## [Records for the task]
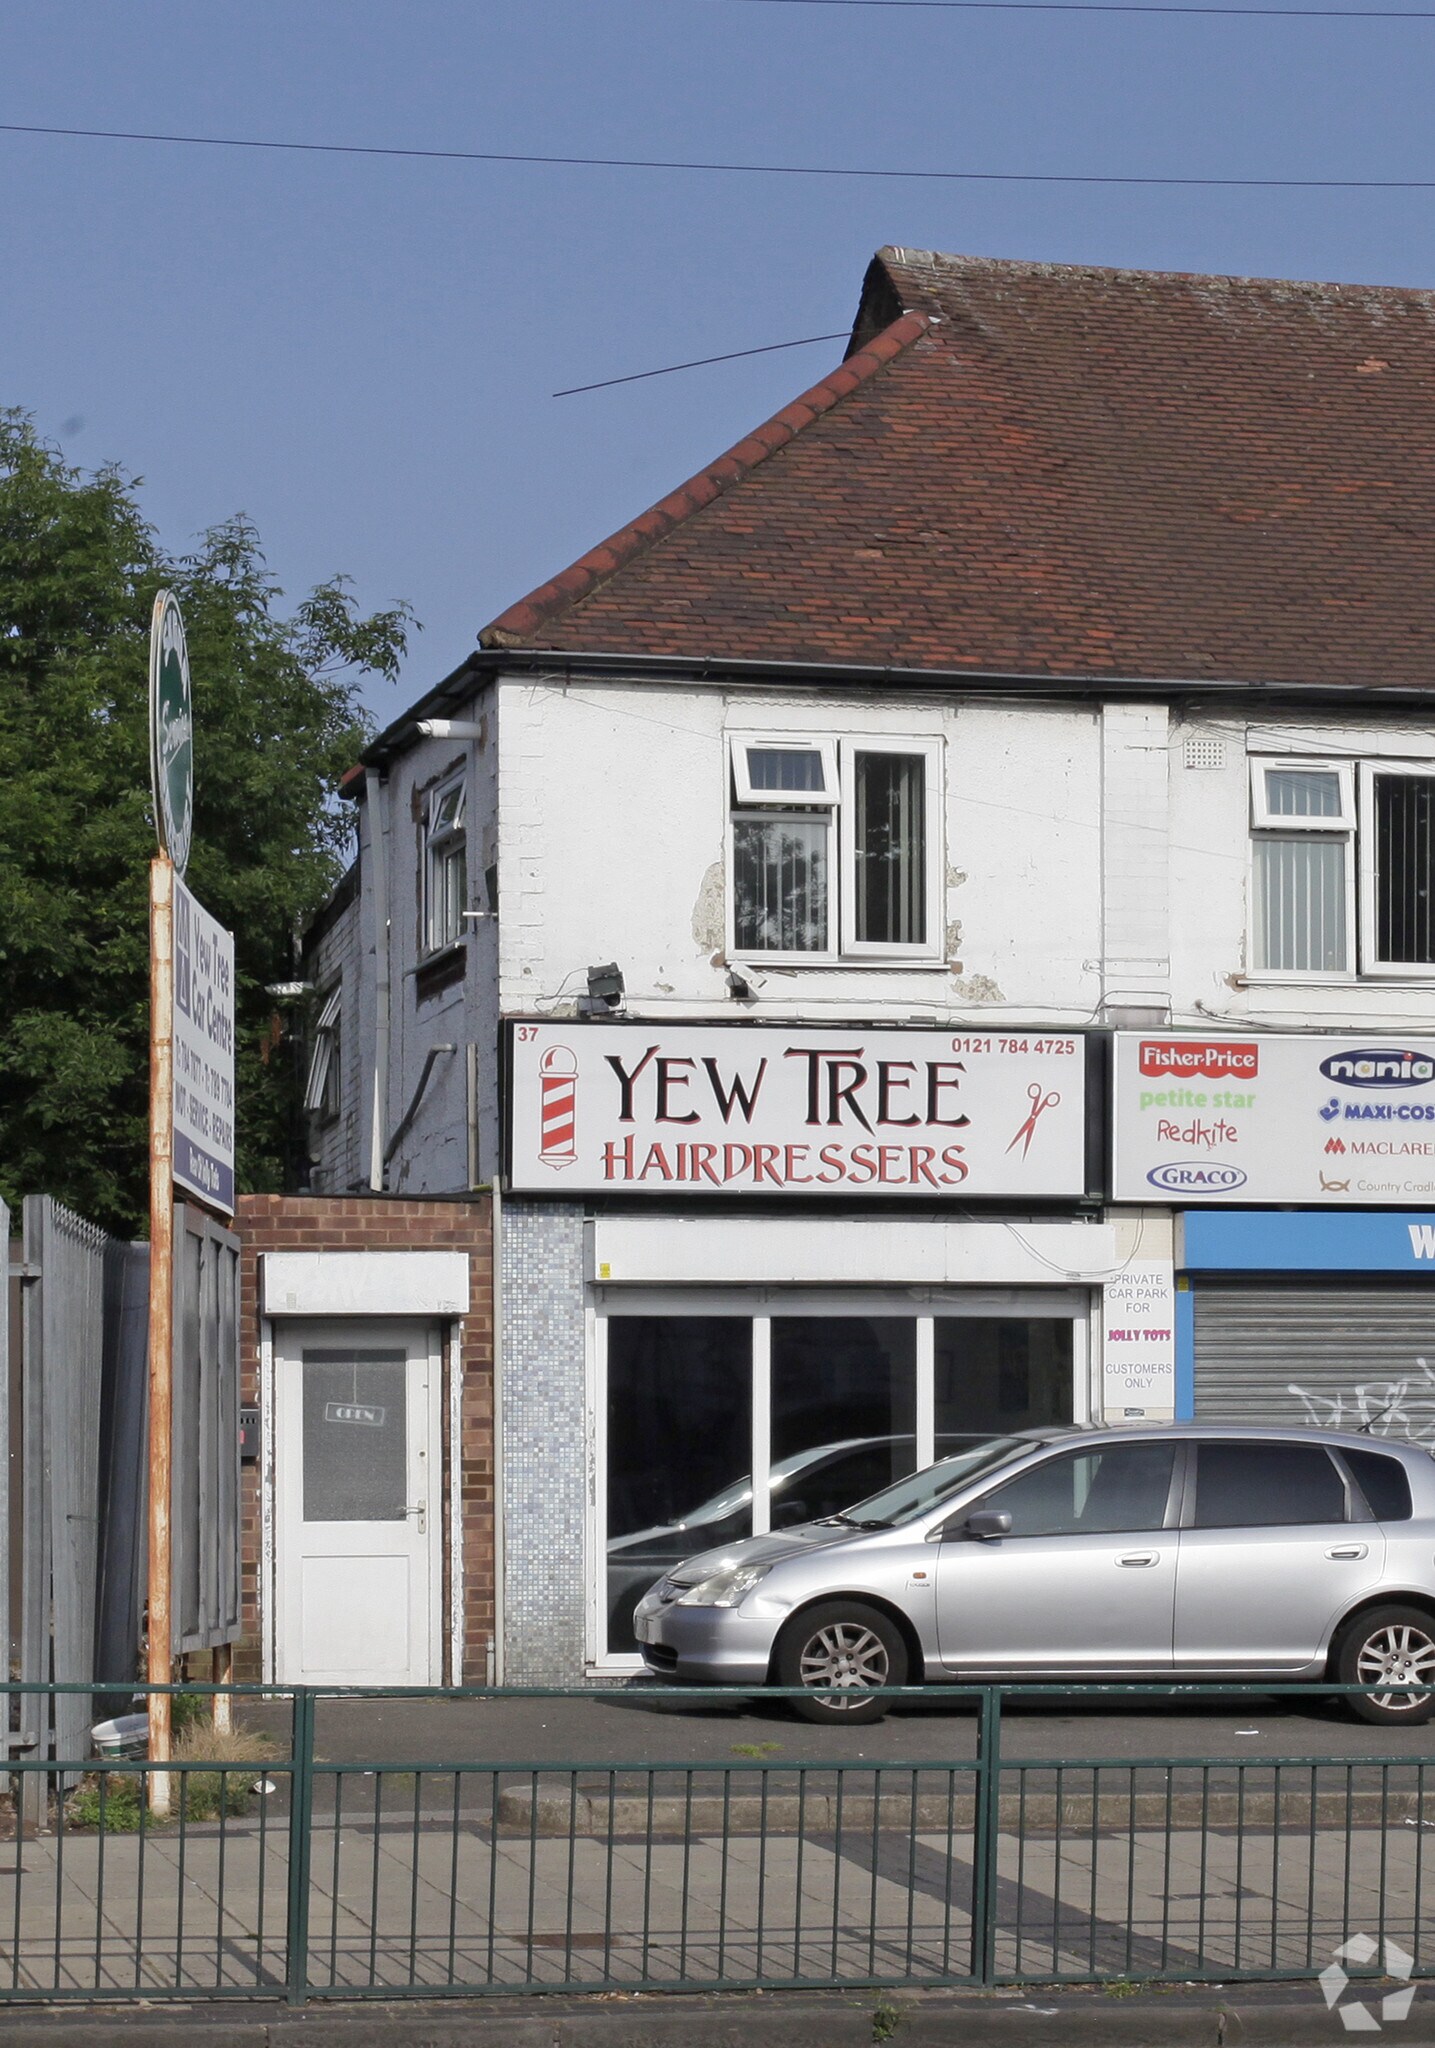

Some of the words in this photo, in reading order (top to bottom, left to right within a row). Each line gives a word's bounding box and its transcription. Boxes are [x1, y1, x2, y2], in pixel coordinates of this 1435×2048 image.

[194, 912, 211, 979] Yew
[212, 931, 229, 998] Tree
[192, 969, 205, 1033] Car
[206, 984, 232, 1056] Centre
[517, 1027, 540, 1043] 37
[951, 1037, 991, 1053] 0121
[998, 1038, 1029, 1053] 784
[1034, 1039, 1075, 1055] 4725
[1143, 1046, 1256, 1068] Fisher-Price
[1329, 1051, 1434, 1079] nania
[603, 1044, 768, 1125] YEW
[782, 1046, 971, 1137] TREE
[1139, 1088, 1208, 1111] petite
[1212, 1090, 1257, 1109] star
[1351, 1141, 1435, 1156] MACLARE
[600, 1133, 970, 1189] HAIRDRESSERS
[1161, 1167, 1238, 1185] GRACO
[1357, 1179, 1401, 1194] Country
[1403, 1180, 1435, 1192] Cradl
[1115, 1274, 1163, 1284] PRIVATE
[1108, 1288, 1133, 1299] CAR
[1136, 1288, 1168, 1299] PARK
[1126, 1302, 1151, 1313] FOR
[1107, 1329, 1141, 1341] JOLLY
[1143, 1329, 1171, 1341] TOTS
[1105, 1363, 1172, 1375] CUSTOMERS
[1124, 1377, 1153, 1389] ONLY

## [What is being asked]
Leaving out any images, restate every record word for word.

## [Answer space]
Some of the words in this photo, in reading order (top to bottom, left to right within a row). Each line gives a word's bounding box and its transcription. Boxes are [x1, y1, x2, y2], in pixel coordinates of this 1435×2048 image.

[194, 912, 211, 979] Yew
[212, 931, 229, 998] Tree
[192, 969, 205, 1033] Car
[206, 984, 232, 1056] Centre
[517, 1027, 540, 1043] 37
[951, 1037, 991, 1053] 0121
[998, 1038, 1029, 1053] 784
[1034, 1039, 1075, 1055] 4725
[1143, 1046, 1256, 1068] Fisher-Price
[1329, 1051, 1434, 1079] nania
[603, 1044, 768, 1125] YEW
[782, 1046, 971, 1137] TREE
[1139, 1088, 1208, 1111] petite
[1212, 1090, 1257, 1109] star
[1351, 1141, 1435, 1156] MACLARE
[600, 1133, 970, 1189] HAIRDRESSERS
[1161, 1167, 1238, 1185] GRACO
[1357, 1179, 1401, 1194] Country
[1403, 1180, 1435, 1192] Cradl
[1115, 1274, 1163, 1284] PRIVATE
[1108, 1288, 1133, 1299] CAR
[1136, 1288, 1168, 1299] PARK
[1126, 1302, 1151, 1313] FOR
[1107, 1329, 1141, 1341] JOLLY
[1143, 1329, 1171, 1341] TOTS
[1105, 1363, 1172, 1375] CUSTOMERS
[1124, 1377, 1153, 1389] ONLY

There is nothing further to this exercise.